Besides being hard to specify, actual Prolog systems define a large number of additional error terms because there is no reasonable ISO exception defined. For example, SWI-Prolog open/3 may raise resource_error(max_files) if the maximum number of file handles of the OS is exceeded.

As a result, we see a lot of Prolog code in the wild that simply uses the construct below to simply fail. But, this may fail for lack of stack space, a programmer error that causes a type error, etc. This both makes it much harder to debug the code and provide meaningful feedback to the user of the application.

    catch(Goal, _, fail)

Many programing languages have their exceptions organised by a (class) hierarchy. Prolog has no hierarchy of terms. We introduce exception/2 as exception(+Type, ?Term), which can both be used as a type test for an exception term and as a constraint for the Ball of catch/3. Using a predicate we can express abstractions over concrete exception terms with more flexibility than a hierarchy. Using a multifile predicate, libraries can add their exceptions to defined types or introduce new types.

The predicate catch/4 completes the interface.

Source catch(:Goal, +ExceptionType, ?Ball, :Recover)
As catch/3, only catching exceptions for which exception(ErrorType,Ball) is true. See error/2. For example, the code below properly informs the user some file could not be processed due do some issue with File, while propagating on all other reasons while process/1 could not be executed.
    catch(process(File), file_error, Ball,
          file_not_processed(File, Ball))

file_not_processed(File, Ball) :-
    message_to_string(Ball, Msg),
    format(user_error, 'Could not process ~p: ~s', [File, Msg]).
Source exception(:Type, --Ball) is det
exception(:Type, +Ball) is semidet
If Ball is unbound, adds a delayed goal that tests the error belongs to Type when Ball is instantiated (by catch/3). Else succeed is error is of the specified Type.

Note that the delayed goal is added using freeze/2 and therefore the stepwise instantiation of Ball does not work, e.g. exception(file_error, error(Formal,_)) immediately fails.

Error types may be defined or extended (e.g., by libraries) by adding clauses to the multifile predicates error_term/2 and exception_term/2. Modules may (re-)define local error types using the exception_type/2 directive.

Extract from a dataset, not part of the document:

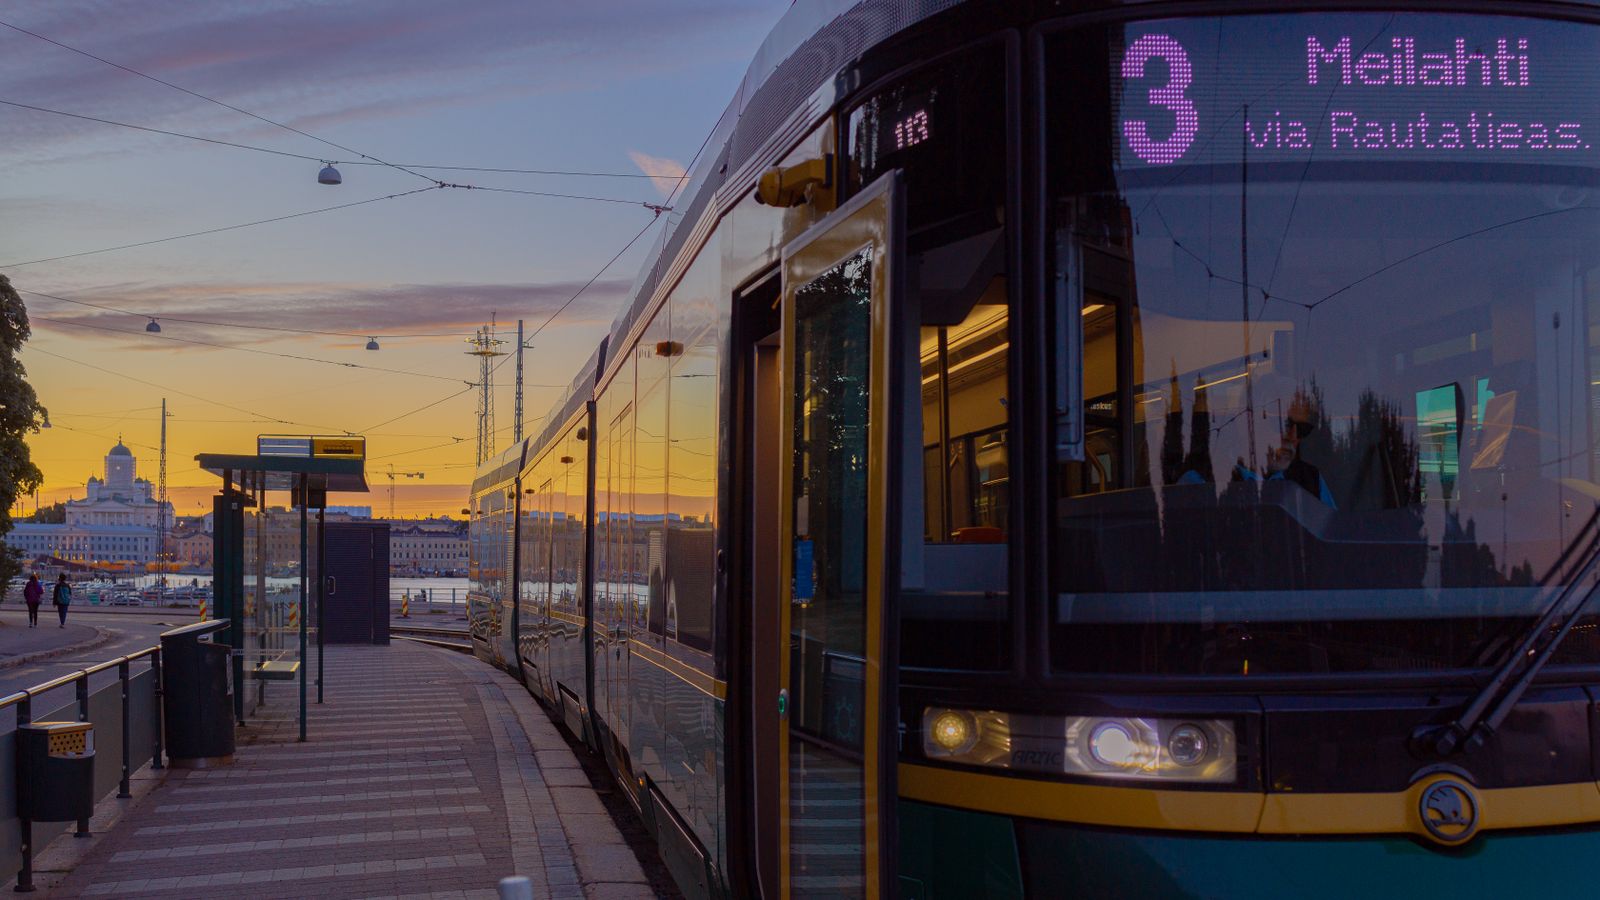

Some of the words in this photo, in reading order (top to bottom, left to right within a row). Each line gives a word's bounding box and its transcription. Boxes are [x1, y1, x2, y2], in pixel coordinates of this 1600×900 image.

Source ex_term(+Type, +Module, -Term) is nondet[private]
Source error_term(?Type, ?Term) is nondet[multifile]
Describe the formal part of error(Formal,ImplDefined) exceptions.
Source exception_term(?Type, ?Term) is nondet[multifile]
Describe exceptions that are not error(Formal, _) terms.
Source exception_type(+Type, +Term)
Declare all exceptions subsumed by Term to be an exception of Type. This declaration is module specific.